Blog | You Can’t Say That

You Can’t Say That

By admin | March 10, 2016
erinpike

A promotional image for the show That’swhatshesaid.

By Robyn Kurtz

On Tuesday we celebrated International Women’s Day and so it’s fitting that we bring you the story of That’swhatshesaid a play about women, made by women, that almost didn’t happen.

That’swhatshesaid started as a collaboration between playwright Courtney Meaker and performer Erin Pike inspired by their frustration over the (lack of) roles written for women in theatre. They decided to create a show in which only the lines written for women from the most produced plays in America were used. The project began with the list published by American Theatre for the 2013—2014 season. In the first iteration, a 20-minute version, the ratio of female to male playwrights was almost equal, but when Pike and Meaker (and Seattle director and artist Hatlo) began working on a full length play using the 2014—2015 list it was a different story.
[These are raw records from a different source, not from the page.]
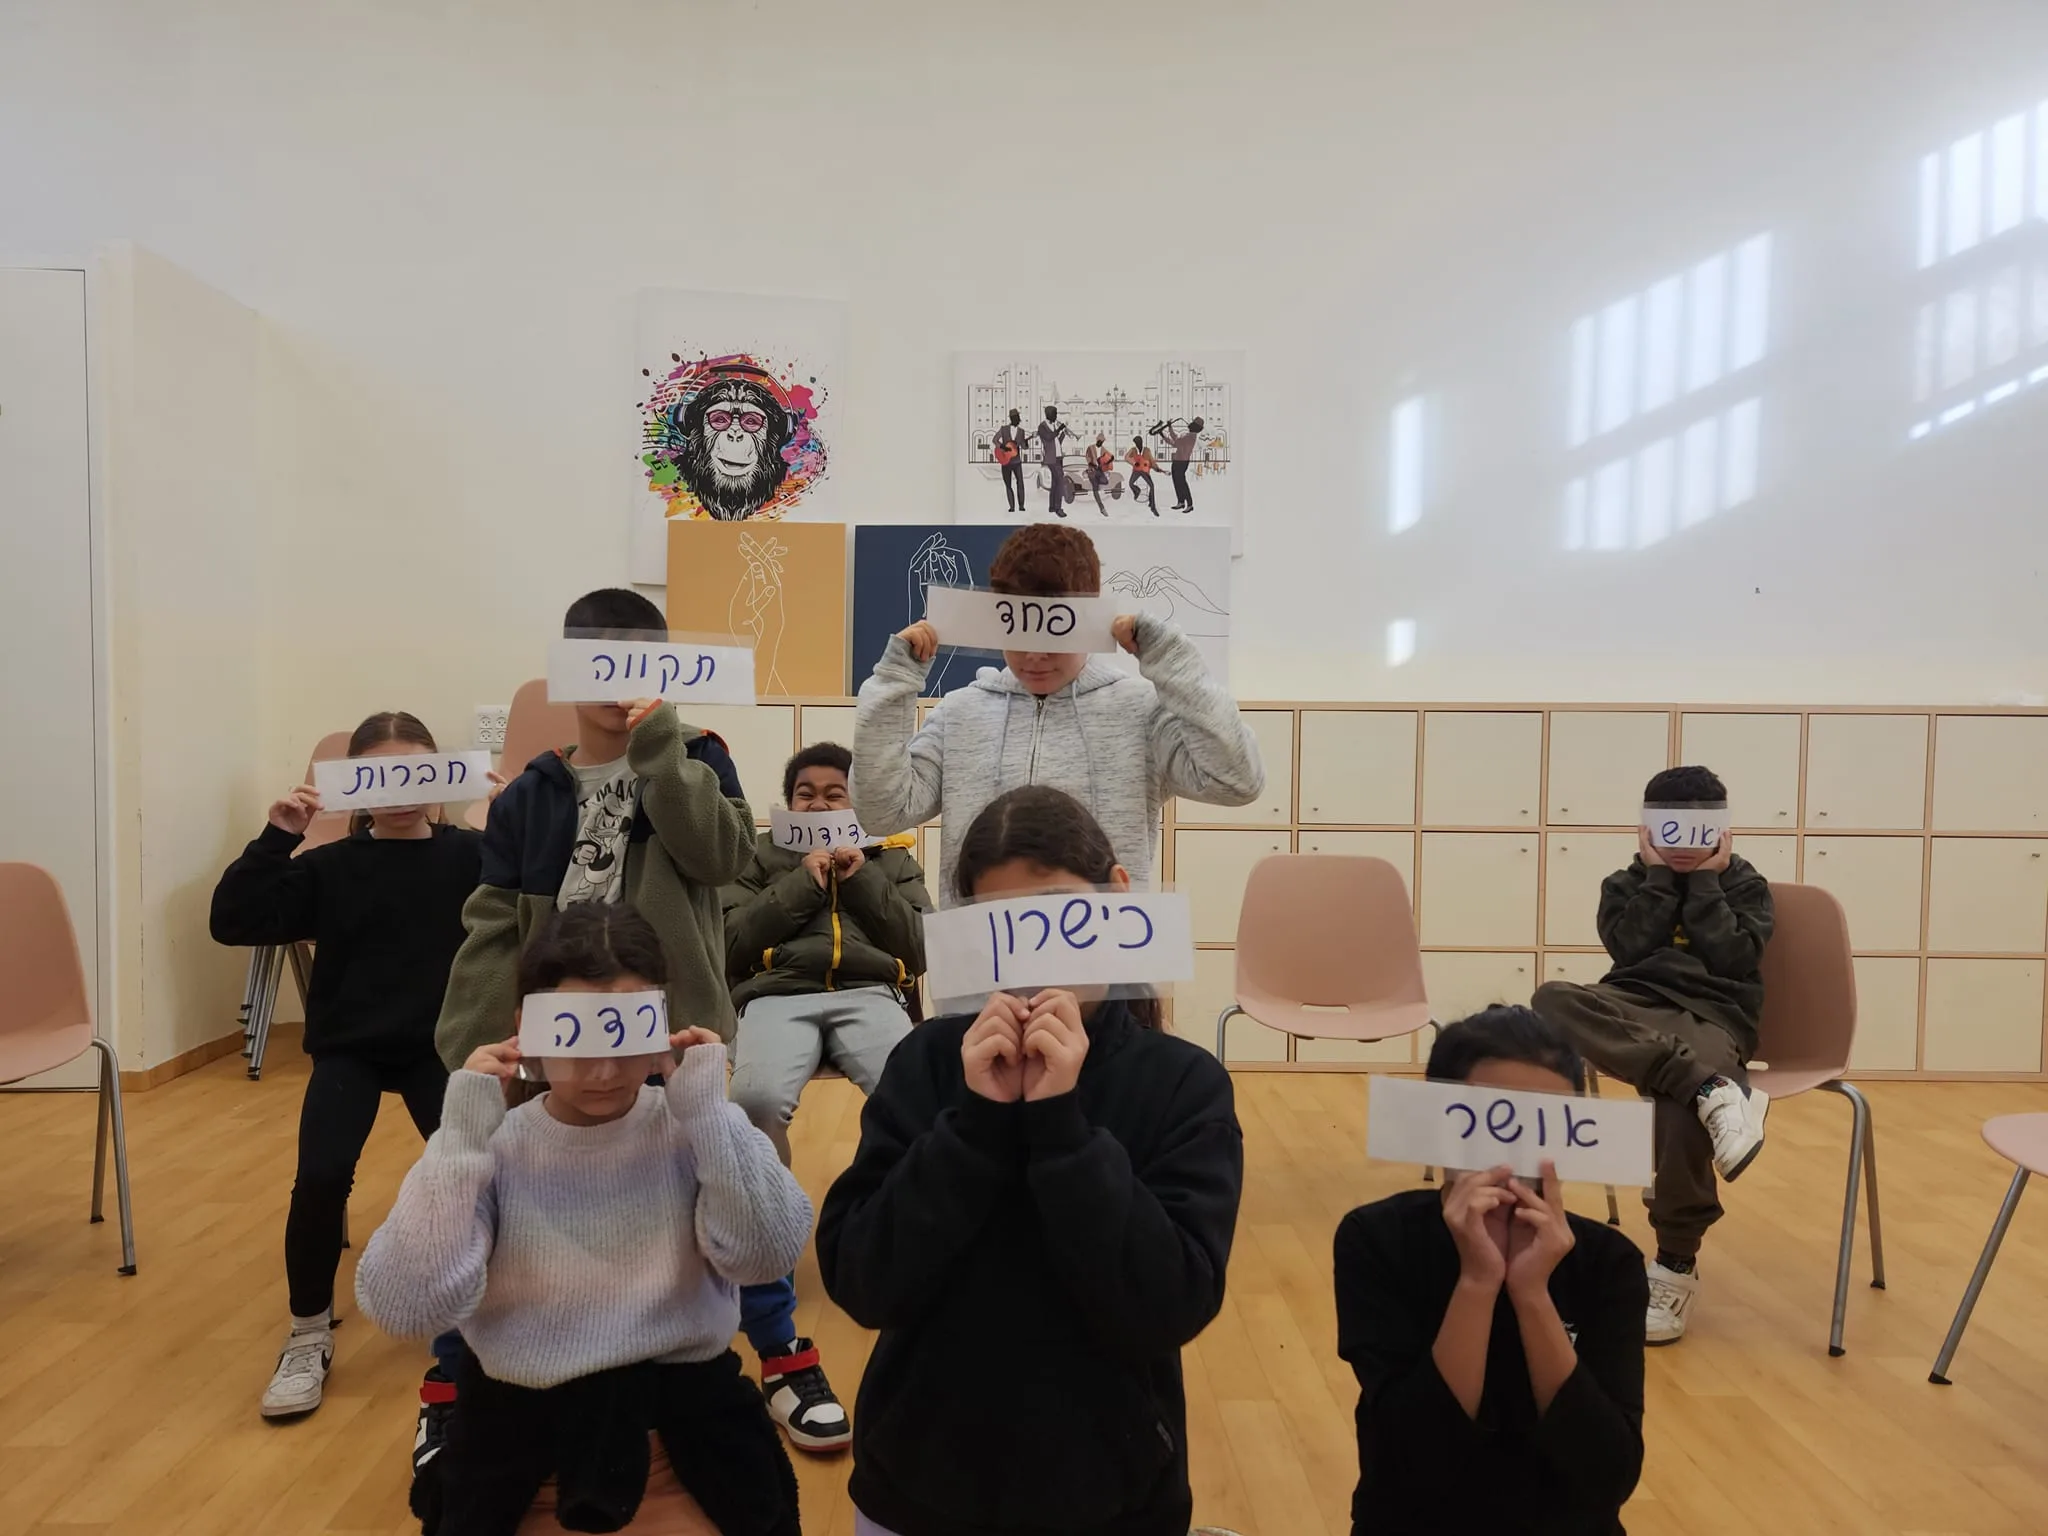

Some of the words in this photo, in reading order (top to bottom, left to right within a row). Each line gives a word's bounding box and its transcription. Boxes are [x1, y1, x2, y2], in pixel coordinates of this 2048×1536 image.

[995, 600, 1077, 637] פחד
[592, 653, 716, 694] תקווה
[342, 760, 467, 796] חברות
[988, 898, 1154, 983] כישרון
[1445, 1098, 1600, 1148] אושר
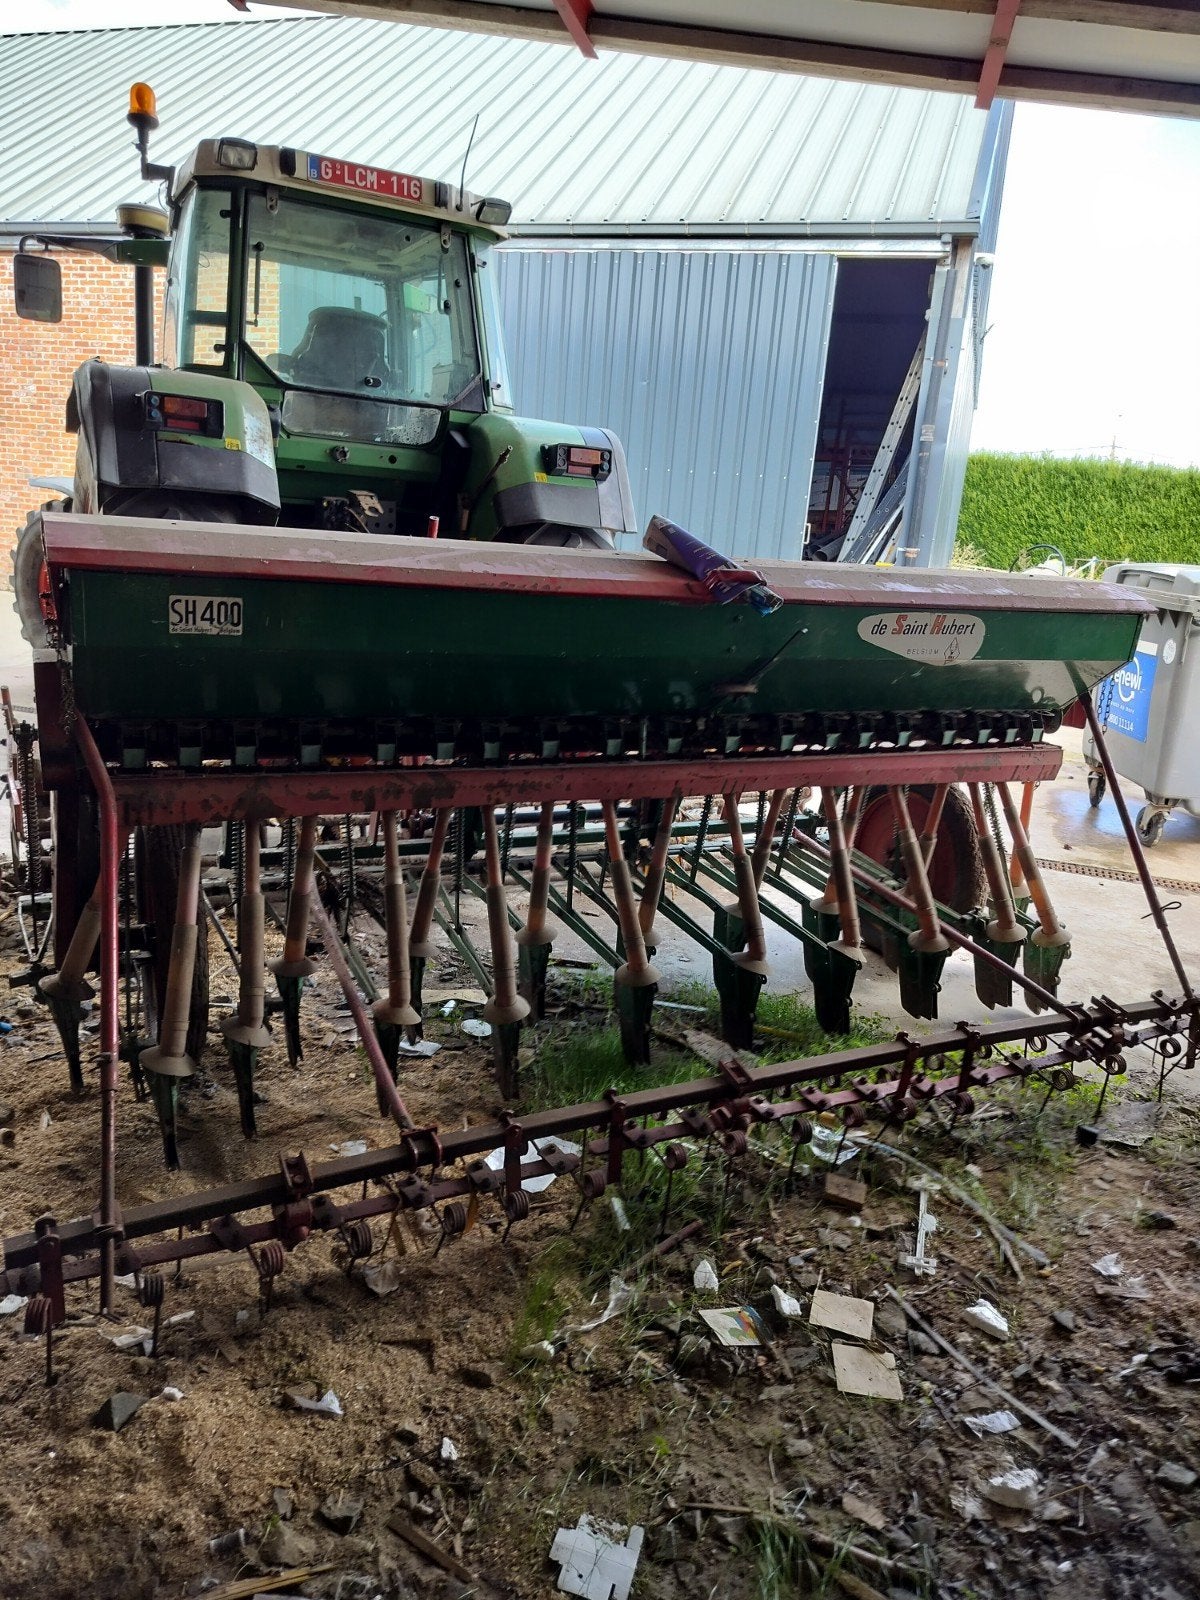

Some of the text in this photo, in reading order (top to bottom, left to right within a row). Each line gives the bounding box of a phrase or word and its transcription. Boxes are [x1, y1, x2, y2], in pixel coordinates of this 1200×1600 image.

[310, 168, 318, 178] B
[170, 598, 241, 627] SH 400
[870, 614, 976, 635] de Saint Hubert
Although there were a total of thirty-four roles written for women and 40 men’s roles only two of the eleven plays (there was a tie that year) were written by women. Furthermore the makeup of the female characters left much to be desired. In an interview with American Theatre Hatlo says they want to highlight, “what audiences are seeing women do the most onstage. What are the words that they are saying? How are their bodies moving? Who are they in relation to other people onstage? … I don’t want to indict playwrights; that’s not the goal. The goal is for audiences to understand what this accumulation looks like. I want to see if they can feel what it feels like.”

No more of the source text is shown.